Les participants, qui s’étaient donnés rendez-vous de bonne heure devant les urgences du CHM, brandissaient des slogans tels que « La santé au rabais », « soignants en danger, patients abandonnés » et chantaient à tue-tête dans les rues de Mamoudzou et de Dzaoudzi « Barrages, les caillassages, on en a marre de ce carnage ! » pour rejoindre la préfecture.
«La santé caillassée». L’expression revient, sans cesse. La centaine d’agents hospitaliers réunie jeudi en début de matinée devant les urgences du CHM, illustrait la saturation, l’épuisement et la peur ressentie par les soignants. Après plusieurs semaines de mobilisation en octobre dernier où le personnel du CHM avait notamment exercé son droit de retrait après l’attaque de bus de l’hôpital, une nouvelle fois, les soignants se sont mobilisés pour alerter sur l’insécurité quotidienne dont ils sont victimes, comme leurs patients.
« Les véhicules de secours arrivent avec difficulté sur les lieux pour aller secourir des gens en danger. On laisse des gens mourir car on est bloqués par des barrages. Les soignants sont constamment en danger. Les patients aussi », confie un soignant.
Après plusieurs heures de marche, le cortège s’est rendu à la Préfecture de Mayotte en Grande-terre pour exprimer leurs doléances au préfet de Mayotte. Après un sitting en plein soleil, le représentant de département a accepté de recevoir une délégation de 10 médecins.
« Un décor de guerre permanent »
Ces échanges ont duré près de 2h, pendant lesquels le cortège d’hospitaliers patientait en plein soleil, ce geste témoignait d’un épuisement significatif des professionnels de santé face à cette situation. « On n’arrive plus à faire notre métier, les soignants et les patients ne peuvent plus circuler, certains patients ne prennent plus le risque de venir se faire soigner, tout le monde a peur, on vit dans un décor de guerre permanent, on étouffe d’insécurité sur cette île », déplore une soignante.

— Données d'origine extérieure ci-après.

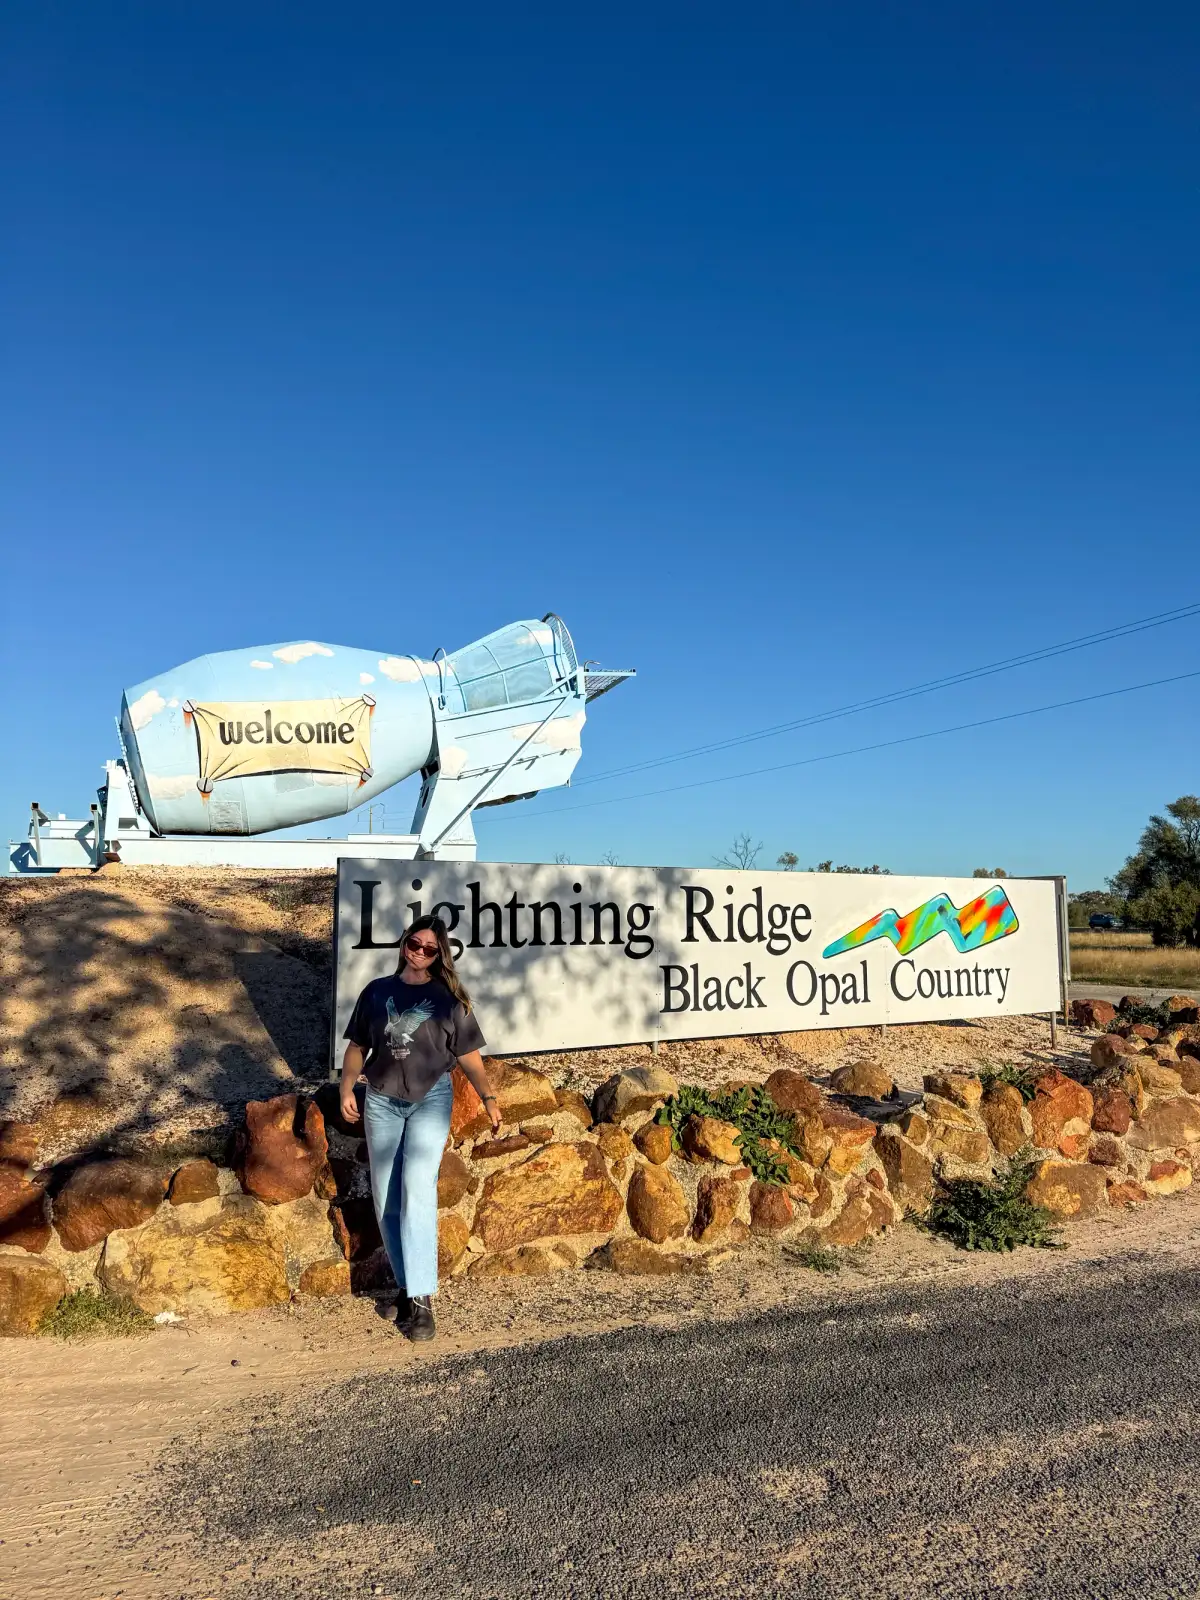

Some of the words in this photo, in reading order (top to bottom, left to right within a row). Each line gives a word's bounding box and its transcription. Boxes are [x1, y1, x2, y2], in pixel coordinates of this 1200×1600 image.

Face à cette mobilisation, plusieurs engagements du Préfet
En fin de matinée, les médecins reçus par le préfet se sont dits « rassurés » d’avoir été entendus par le Préfet, qui a « écouté attentivement » un à un l’ensemble des médecins présents. « Si aucune solution miracle n’existe » a rapporté la délégation de médecins, plusieurs mesures ont pu être identifiées pour améliorer le quotidien des soignants, des patients et de la population en général.
Parmi ces mesures, un rendez-vous mensuel « santé-sécurité » va être mis en place dès à présent, tous les mois, permettant aux professionnels de santé de faire un point avec les services de la préfecture au sujet de l’insécurité. Aussi, des agents relais du CHM vers les forces de l’ordre vont être identifiés pour améliorer la communication entre les deux parties en cas de difficultés rencontrées sur le territoire.
Le préfet s’est également engagé à revoir le déploiement des forces de l’ordre autour des centres de soins. A ce sujet, des axes de circulation vont être sécurisés pour permettre d’établir des « axes libres prioritaires » pour les véhicules de secours. Enfin, les forces de l’ordre vont être renforcées, par une intensification de la présence du GIGN, du RAID, et d’outils de surveillance numérique, sur le territoire.